Thursday 5 May 2022



At last, after one or two to production hiccups, my new collection Siblings is now live for interested people on Amazon. Producing my own volumes is the most exciting late-life experience for me. Since Theft, my first published novel in 1972 (one keen reader remembers this novel here )  my novels have been produced by major publishers accompanied be a small army of accomplished proof-readers and marketeers.

I was always happy with their work, although sometimes the covers – beautifully painted - were more saga-esque than I would have preferred. I remember one editor telling me that if there was a woman on the cover – there was always a woman on the cover – this could produce thousands more sales. And if the woman was accompanied by a child, that could mean thousands more. The same applied if there was gold foil on the cover.   

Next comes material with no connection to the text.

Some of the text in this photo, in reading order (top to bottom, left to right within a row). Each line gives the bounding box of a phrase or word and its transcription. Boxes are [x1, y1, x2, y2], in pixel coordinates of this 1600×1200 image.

In those days I just wrote my novels alongside the many other things – children, husband, demanding profession - in my life. These novels would be long - often running to 80 or 90,000 words.

However, in recent years the world around me has changed radically:  it has shrunk and slowed down, dominated as it is now by my role of full time carer. However, writing is my vocation, and I am still writing – now rather slimmer volumes -  and publishing them myself through  Amazon Createspace. 

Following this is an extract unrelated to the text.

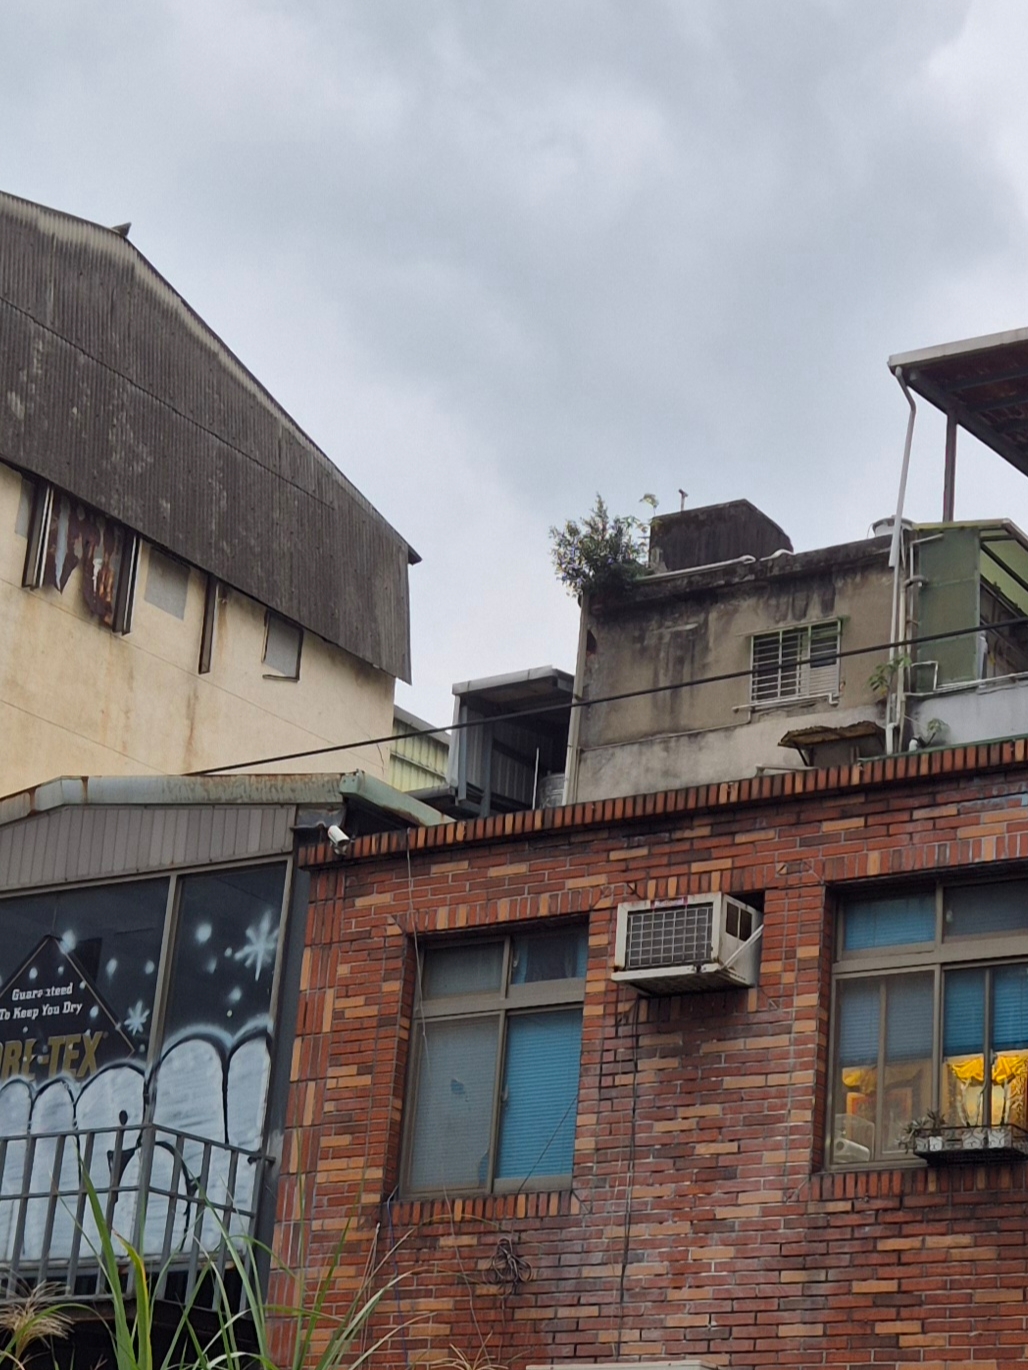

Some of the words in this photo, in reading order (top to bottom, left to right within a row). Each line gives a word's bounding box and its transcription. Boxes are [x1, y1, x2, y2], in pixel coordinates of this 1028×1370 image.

[13, 1007, 39, 1020] Keep
[42, 1003, 60, 1016] You
[62, 1001, 83, 1015] Dry

 As my Auntie Alice (aka Eirwyn in my newest book Siblings…) wrote in my autograph book circa 1951. ‘I am the master of my fate, I am the captain of my soul.’

This is never more so than my new collection of short stories, Siblings.  

These later volumes are slimmer and perhaps do not appear so genre-specific as many of the early novels on my list. When I first started on this private publishing gig (see Damselfly )  I continued to produce in the  long fiction form. – Becoming Alice – The Pathfinder – An Englishwoman France – without deliberately meeting the protocols of genre fiction. (One of these books - the novel The Bad Child features an extra perceptive middle child who resembles Ayla, the central storyteller in Siblings.) Other recent books feature short prose (Kaleidoscope) and  poetry (With Such Caution) turning more and more to the seductive melding  of memoir and fiction about which I have written here on Life Twice Tasted before. Of course there have been those larger novels one was Becoming Alice the other one The Bad Child. And I have another one in plan.  

I am happy with them all. Writing and producing books in this way is not dissimilar to having children, in terms of the protective pride one feels as they venture out there in the world

I am feeling that now in the case of Siblings, out there, strutting her stuff.

So here I am - rather weirdly with my editor’s cap on - talking about myself in the third person on the back cover of Siblings:

In this collection Wendy Robertson dances the borders between memoir and fiction, exploring the lives of seven siblings presided over by their mother who was widowed in the First World War. Their separate stories begin in the year 1922 in a mining village in South Durham. Each of the five sisters and two brothers has an individual story unique to themselves. The storyteller here is observant Ayla, the middle child in this talented family.


She tells us: “This collection of short stories is dedicated to my mother Barbara and her siblings. Her family of storytellers embroidered their often-told stories not only into the history of their own family but also significantly into the history of the 20th Century.”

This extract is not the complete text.